*Problem requirements*: Below are the records; print them again exactly and omit the pictures.

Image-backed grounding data
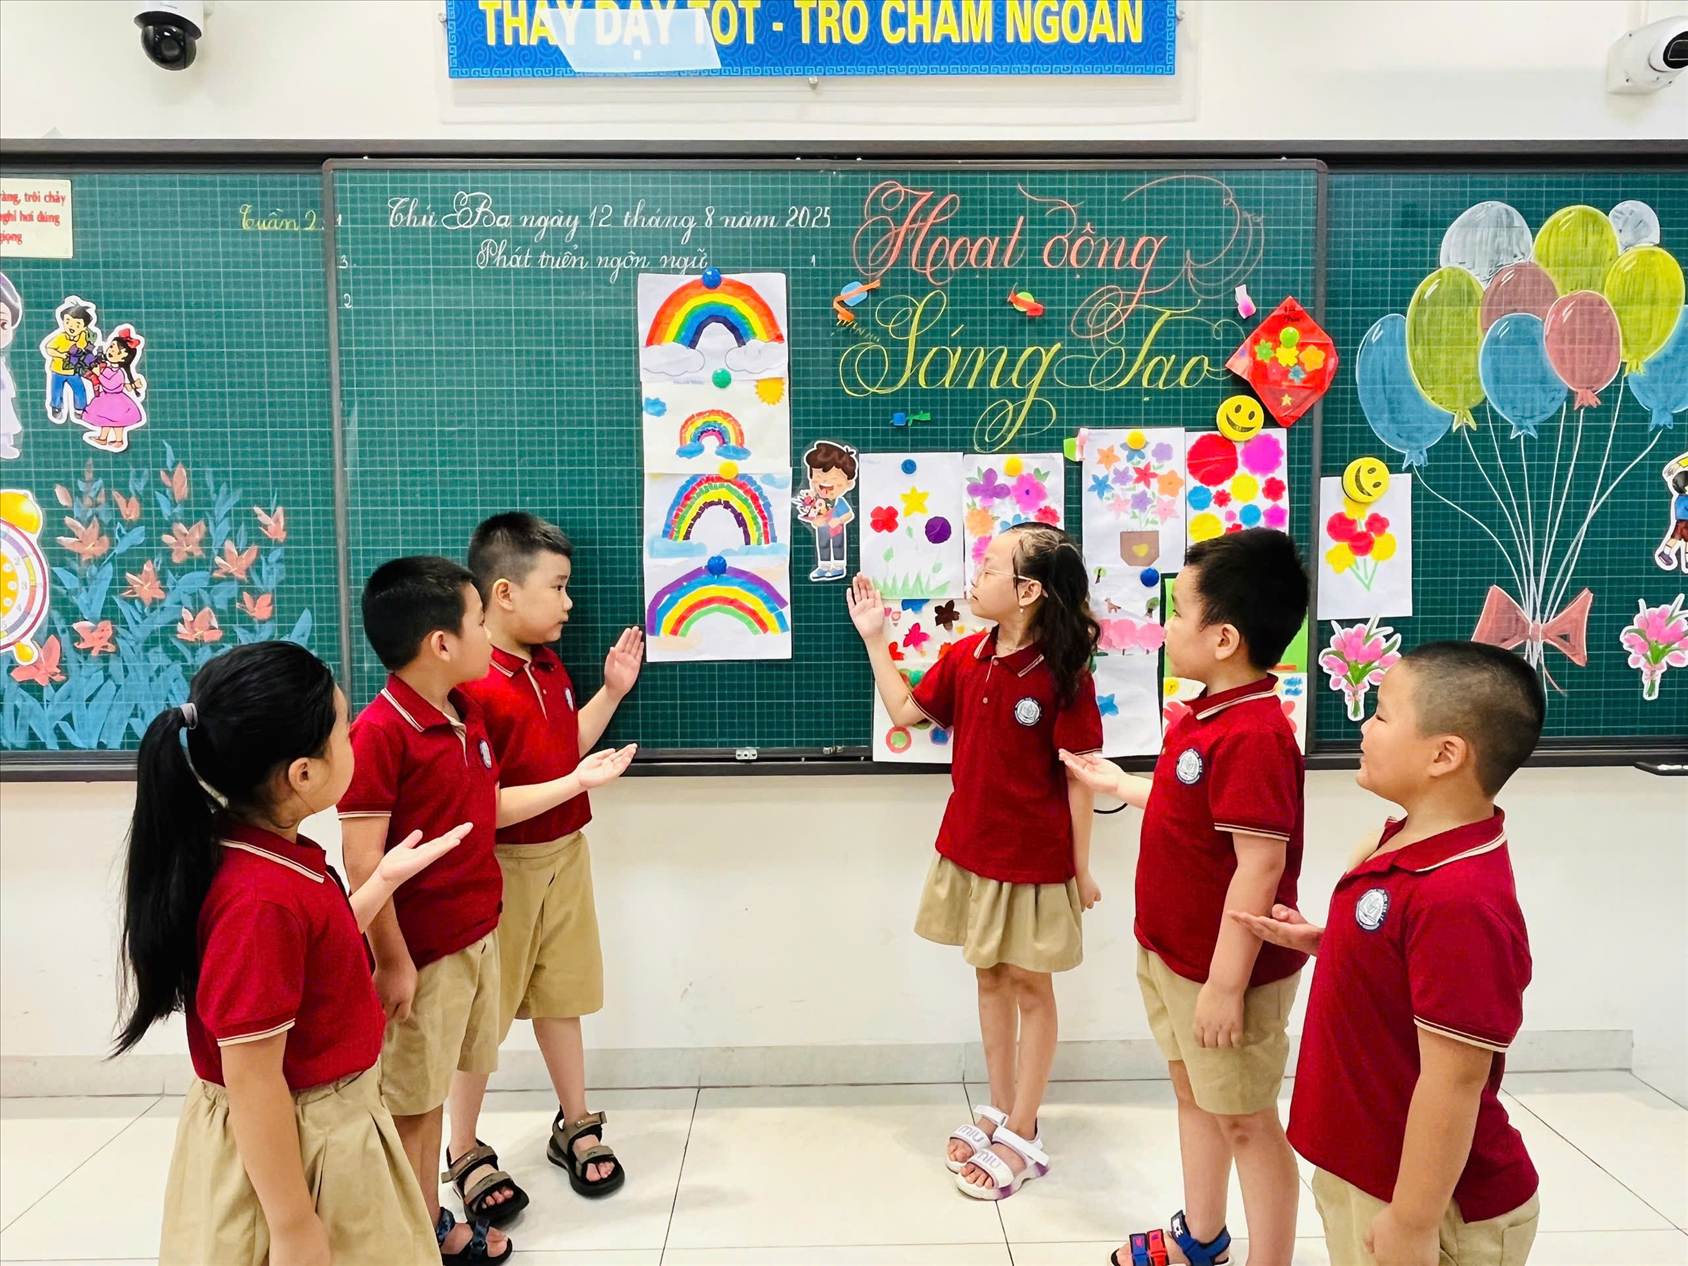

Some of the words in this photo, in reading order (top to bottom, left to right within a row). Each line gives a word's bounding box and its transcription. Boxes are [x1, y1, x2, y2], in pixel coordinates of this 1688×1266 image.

[772, 22, 784, 32] -
[1006, 0, 1143, 44] NGOAN
[24, 191, 41, 202] trôi
[44, 191, 66, 206] chảy
[239, 204, 299, 231] Tuần
[388, 198, 437, 228] Thứ
[519, 209, 580, 243] ngày
[588, 205, 613, 228] 12
[623, 199, 697, 245] tháng
[704, 205, 715, 228] 8
[719, 210, 780, 228] năm
[785, 206, 831, 228] 2025
[476, 239, 531, 269] Phát
[539, 244, 588, 269] triển
[596, 250, 650, 284] ngôn
[659, 248, 708, 275] ngữ
[839, 290, 1062, 453] Sáng
[1054, 300, 1213, 402] Tạo
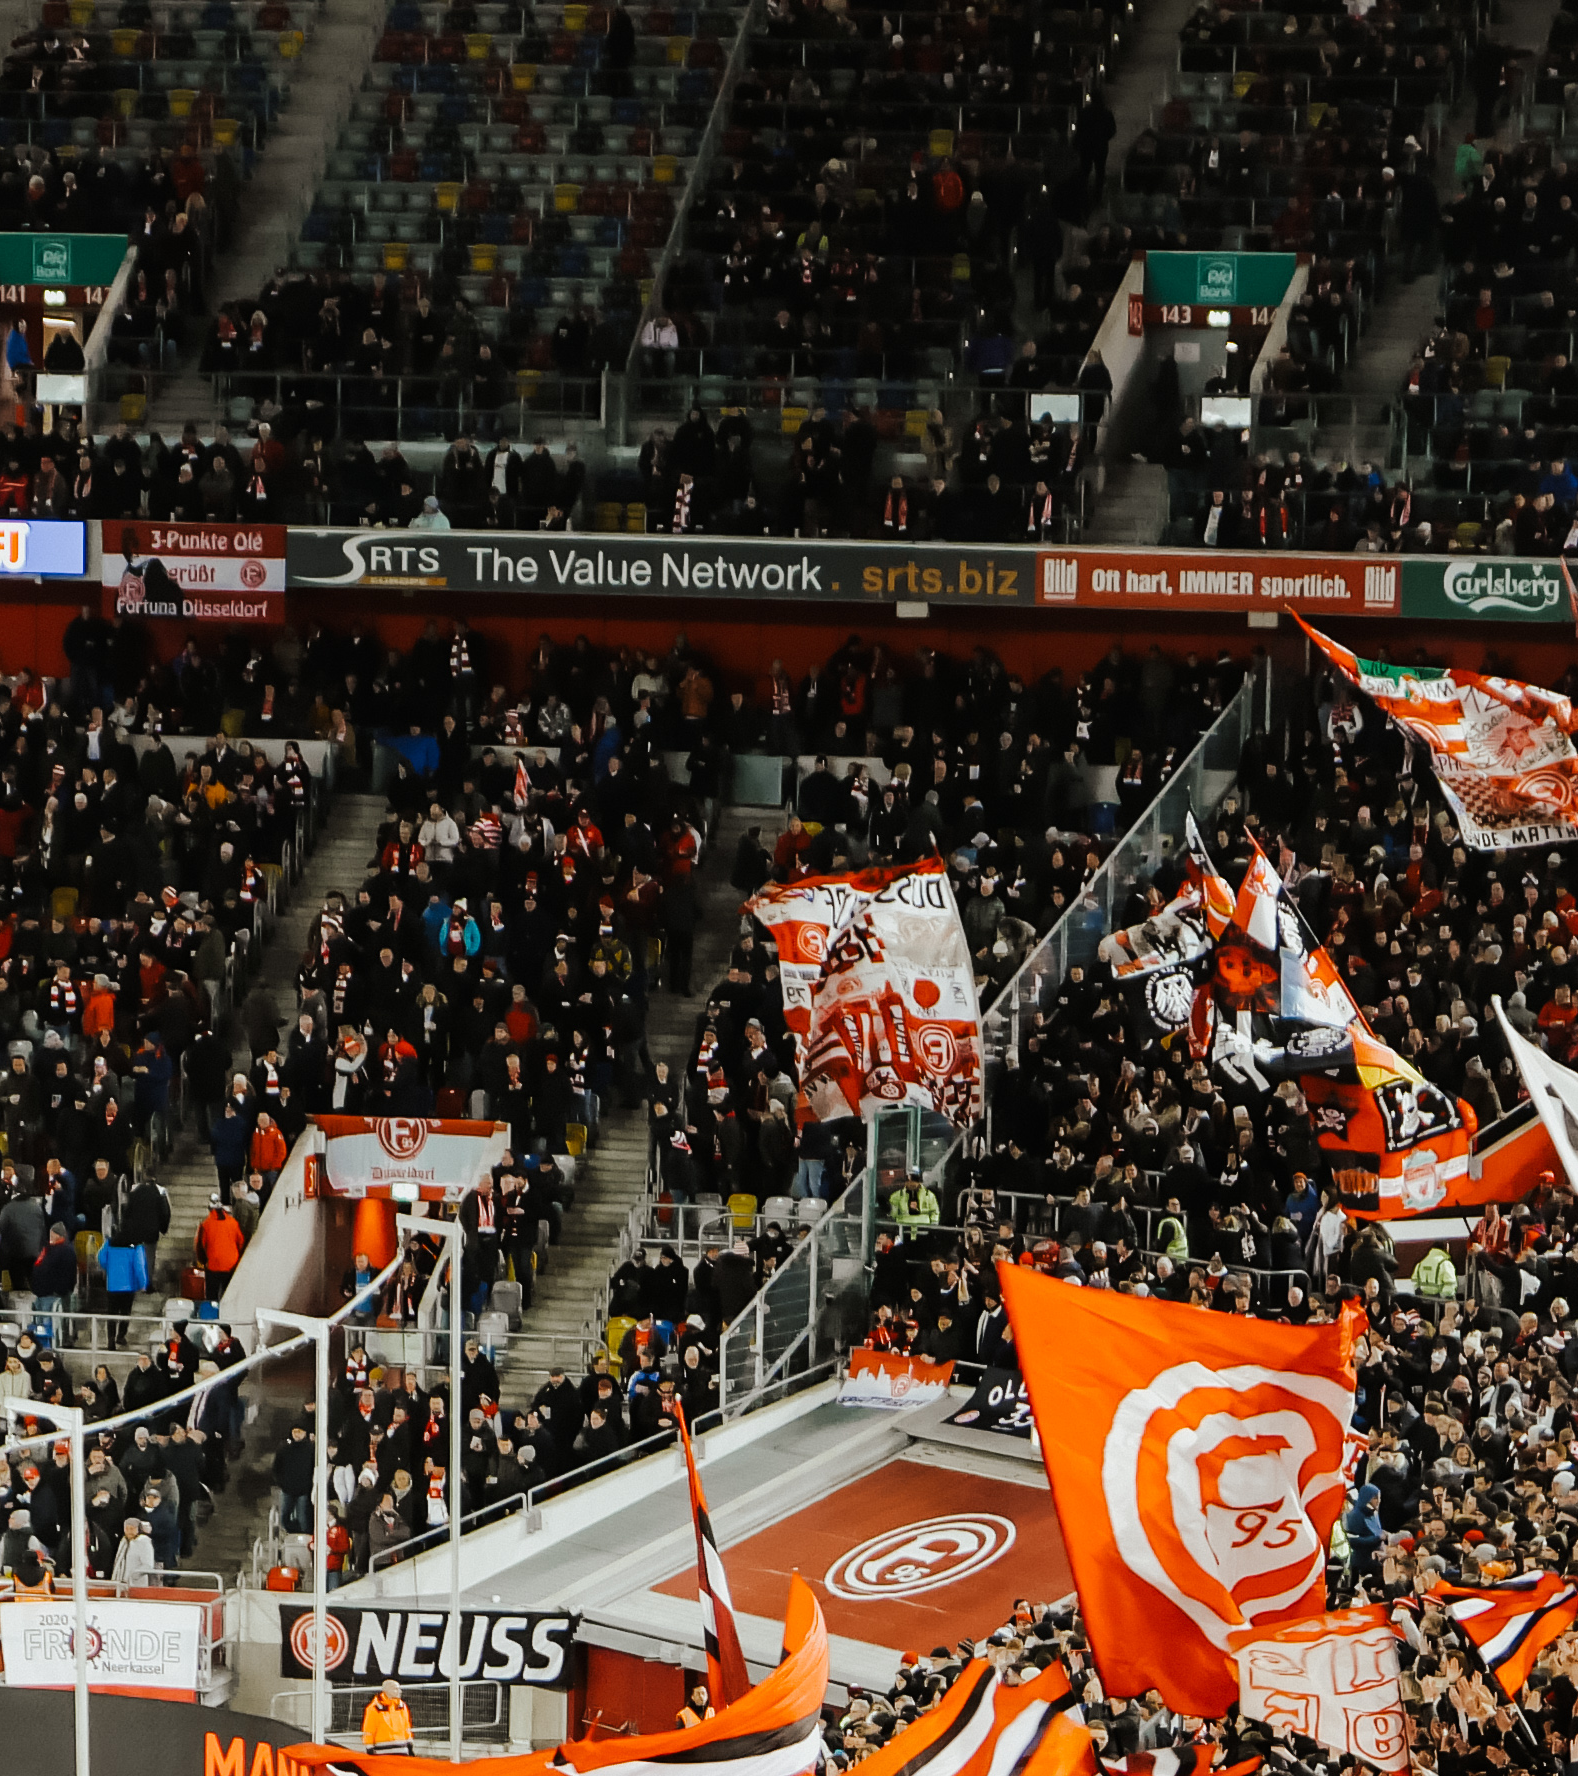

*Solution to the exercise*:
Some of the words in this photo, in reading order (top to bottom, left to right within a row). Each line gives a word's bounding box and its transcription. Boxes are [x1, y1, x2, y2], in pixel coordinates of this 1688×1266 image.

[772, 22, 784, 32] -
[1006, 0, 1143, 44] NGOAN
[24, 191, 41, 202] trôi
[44, 191, 66, 206] chảy
[239, 204, 299, 231] Tuần
[388, 198, 437, 228] Thứ
[519, 209, 580, 243] ngày
[588, 205, 613, 228] 12
[623, 199, 697, 245] tháng
[704, 205, 715, 228] 8
[719, 210, 780, 228] năm
[785, 206, 831, 228] 2025
[476, 239, 531, 269] Phát
[539, 244, 588, 269] triển
[596, 250, 650, 284] ngôn
[659, 248, 708, 275] ngữ
[839, 290, 1062, 453] Sáng
[1054, 300, 1213, 402] Tạo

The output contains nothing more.